Ques: How training a specific body part in resistance training is different to training a circuit?
Human anatomy is a fascinating subject in particular, the internal connections between various bodily components are an intriguing aspect of human anatomy. When we train a specific body part in resistance training, we are also engaging other muscles in the process. The effectiveness of our training regimen depends heavily on how we use our muscles. In sports such as fast bowling, baseball pitching, and tennis, it may appear that we rely heavily on our shoulders and arms. However, it’s important to remember that our usage of posterior and anterior chain of our legs, back, and core is equally important for generating power and transferring energy. Furthermore, proper form and technique are crucial for avoiding injury and maximizing the benefits of our exercise routine
Ques: And therefore, why we should look at training the circuit instead of always looking to strengthen selected muscles for better health – isolated work on muscles?
Training the entire circuitry system via circuit training can provide a number of benefits for overall health and athletic performance. By engaging multiple muscle groups and training the body to respond to real-time tasks, circuitry training can improve cardiovascular fitness, increase muscular endurance, and improve coordination and balance. In contrast to that, isolated muscle work may not provide the same level of functional training, and may not be as effective for improving overall health and athletic performance
Ques: What does it mean to straighten out the structure or attending to the imbalance in our body?
Understanding the human movement science is important for understanding how our bodies move, but it’s not enough when it comes to training athletes. We must also understand how to handle imbalances that can occur due to repeated movements in sports. Overuse injuries and muscle imbalances can affect range of motion, strength, and coordination, so it’s important to address these imbalances in order to optimize athletic performance. This might involve targeting specific muscle groups with exercises designed to correct imbalances, or incorporating functional training exercises that engage the entire circuitry system
Ques: Difference between fitness and sports fitness?
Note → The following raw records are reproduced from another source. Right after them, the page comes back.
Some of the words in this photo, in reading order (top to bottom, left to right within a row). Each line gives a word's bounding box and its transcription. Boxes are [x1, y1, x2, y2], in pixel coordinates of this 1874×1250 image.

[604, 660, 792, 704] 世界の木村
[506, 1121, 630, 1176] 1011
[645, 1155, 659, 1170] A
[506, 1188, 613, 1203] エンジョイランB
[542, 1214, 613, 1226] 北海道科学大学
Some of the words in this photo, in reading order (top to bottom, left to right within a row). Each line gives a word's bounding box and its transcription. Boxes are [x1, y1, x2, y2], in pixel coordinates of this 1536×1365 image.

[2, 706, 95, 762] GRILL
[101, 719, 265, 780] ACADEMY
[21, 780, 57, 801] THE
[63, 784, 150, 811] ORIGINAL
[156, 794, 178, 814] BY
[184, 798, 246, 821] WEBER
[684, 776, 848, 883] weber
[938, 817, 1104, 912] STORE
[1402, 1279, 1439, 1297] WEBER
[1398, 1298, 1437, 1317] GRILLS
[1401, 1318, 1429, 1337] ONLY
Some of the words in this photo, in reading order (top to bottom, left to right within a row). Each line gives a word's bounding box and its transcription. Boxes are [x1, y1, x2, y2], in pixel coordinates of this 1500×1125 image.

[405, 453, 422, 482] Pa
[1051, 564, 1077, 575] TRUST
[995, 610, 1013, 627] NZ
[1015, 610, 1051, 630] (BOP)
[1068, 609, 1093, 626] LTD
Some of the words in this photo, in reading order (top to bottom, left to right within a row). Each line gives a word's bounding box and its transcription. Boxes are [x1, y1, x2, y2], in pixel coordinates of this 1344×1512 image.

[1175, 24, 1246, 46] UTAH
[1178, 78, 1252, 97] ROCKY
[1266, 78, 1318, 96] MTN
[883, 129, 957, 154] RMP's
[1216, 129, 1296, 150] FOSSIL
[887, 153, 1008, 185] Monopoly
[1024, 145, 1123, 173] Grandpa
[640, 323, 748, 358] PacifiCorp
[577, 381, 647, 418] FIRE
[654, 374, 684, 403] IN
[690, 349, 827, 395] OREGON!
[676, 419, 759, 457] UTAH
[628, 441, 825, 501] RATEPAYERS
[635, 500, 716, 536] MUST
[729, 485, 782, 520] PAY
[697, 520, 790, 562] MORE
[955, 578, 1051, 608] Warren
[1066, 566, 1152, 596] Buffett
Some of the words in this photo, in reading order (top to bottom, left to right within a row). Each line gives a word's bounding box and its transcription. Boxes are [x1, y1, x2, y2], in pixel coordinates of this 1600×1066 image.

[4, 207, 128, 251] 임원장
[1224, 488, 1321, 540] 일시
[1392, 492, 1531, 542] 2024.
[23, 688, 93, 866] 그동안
The main difference between training for sports-specific movements and circuitry training lies in the importance of recovery. Unlike our metabolic machinery or mind, we can’t just relax a sports body with sleep alone. Repeated movements in sports can lead to imbalances and overload specific muscle groups. While these movements still require the entire body, if certain muscles are overactive, loaded, or fatigued more than others, our anatomy has a tendency to continue putting the load on those same muscles. Yes, thats science for you. Unfortunately, the inhibited or “sleeping” bunch of muscles doesn’t naturally wake up or become activated on its own. That’s why structural recovery is crucial. Recovery is often thought of as just relaxation, but structural recovery has its own nuances and requires targeted effort. It doesn’t happen automatically
Understanding anatomy and the circuitry system of a movement can reduce the need for fancy equipment during sports training. We can work with what’s available and still achieve our goals. In my experience, a crucial aspect of sports training is learning to create resistance within with body weight alone and finding relaxation within. This skill can only be developed by understanding anatomy at a deeper level, beyond just a training perspective.
Isometric work can help to align the musculature, but it’s important to understand the right amount of load to prevent overstressing the system. Keeping the load light, such as just using body weight, and focusing on biomechanically correct postures is an easy way to prevent overloading.
The connect between the spine, shoulders, upper back, and lower back is obvious to all, yet we often don’t know how to train it effectively. This is evident in the lack of spine work in sports training, despite the importance of spine movement in sporting movements. We have the leverage to bend, flex, extend, rotate, and more in the spine, but to maximize this leverage, we must keep the structure balanced and practice it regularly. We can add power by using our spine optimally. Did you know that?